Zoologische Mededelingen, 85 (November 2011)
Bathocyroe longigula spec. nov., an undescribed ctenophore (Lobata: Bathocyroidae) from the epipelagic fauna of Japanese coastal waters
T. Horita, H. Akiyama, S. Kubota
Keywords: Ctenophora; Lobata; Bathocyroidae; new species; description; taxonomy; Japan.

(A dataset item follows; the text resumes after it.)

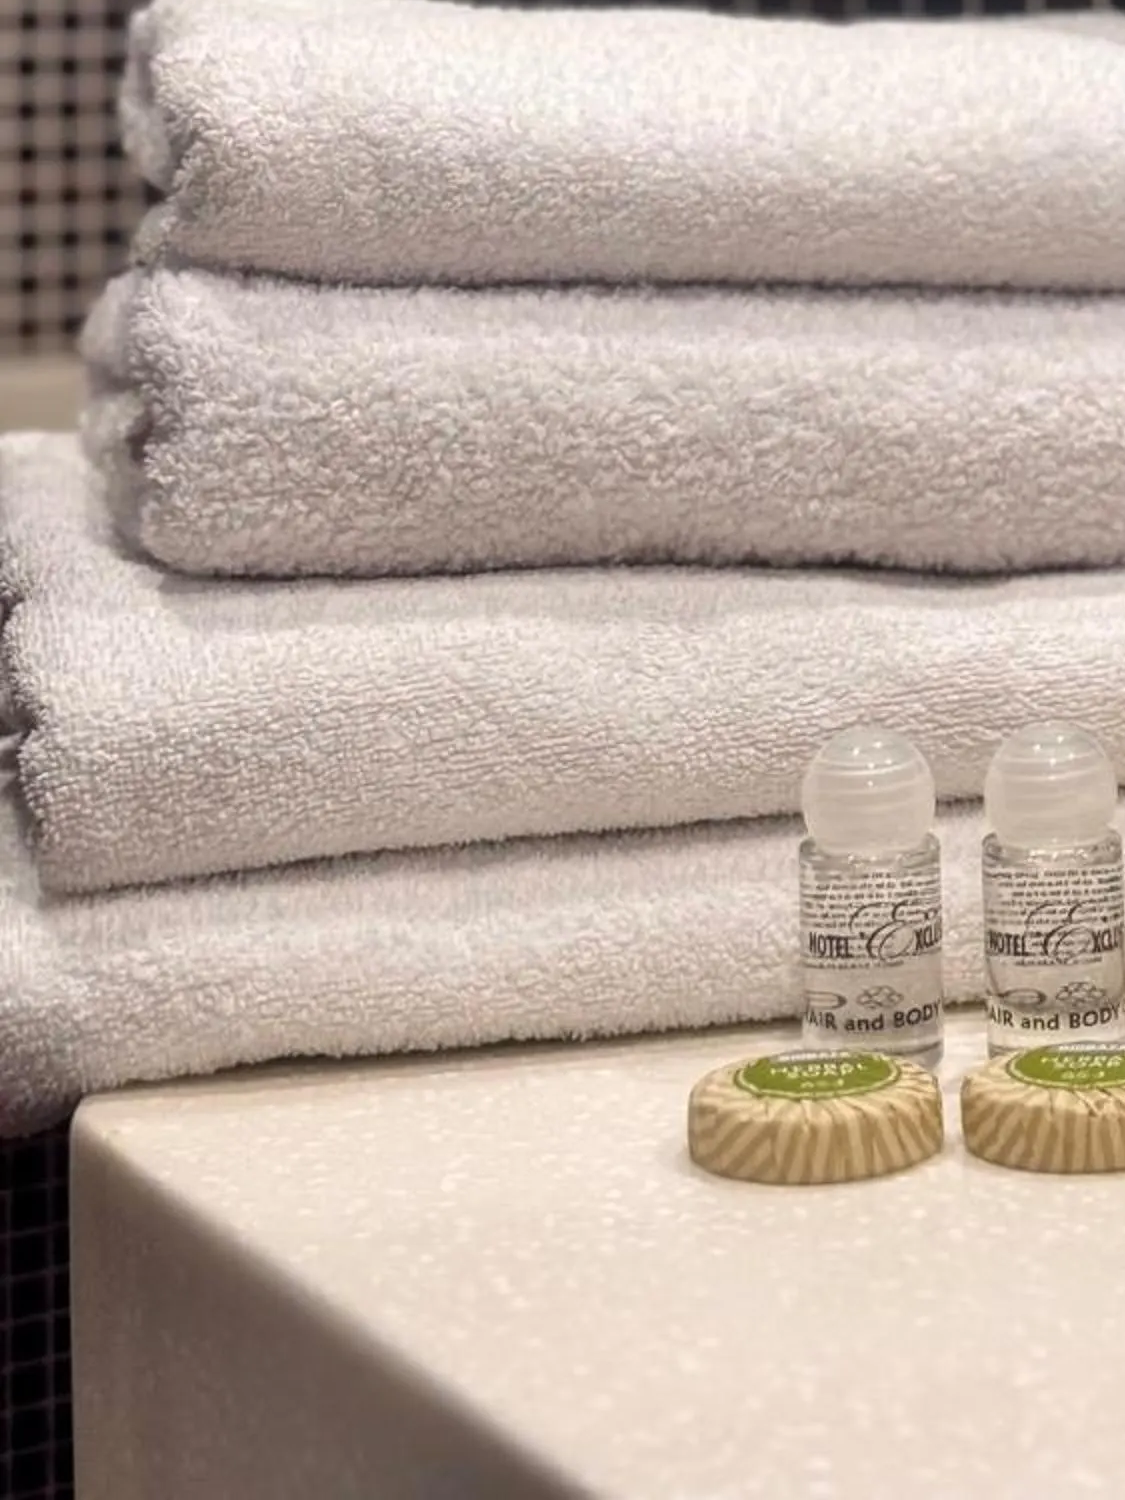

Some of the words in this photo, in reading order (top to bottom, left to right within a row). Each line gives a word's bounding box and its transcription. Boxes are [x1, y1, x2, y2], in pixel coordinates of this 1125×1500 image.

This paper presents the description of a new lobate ctenophore, Bathocyroe longigula (order Lobata, family Bathocyroidae) based on two intact specimens. One was collected in April 2001 at the surface in coastal waters of Ise Bay near Toba on the Pacific coast of central Japan, and the other in March 2010 at the surface in Tabira port near Hirado in Kyushu, the main southern island of Japan. The new species can be distinguished from its congeners, Bathocyroe fosteri Madin & Harbison, 1978 and B. paragaster (Ralph & Kaberry, 1950), by its long stomodaeum with a narrow dark-orange band, which extends to about mid-length of the oral lobes, and the numerous tiny, dark-orange spots of irregular shape found along its meridional canals. The differences between the three species attributed to the genus Bathocyroe are shown in Table 1.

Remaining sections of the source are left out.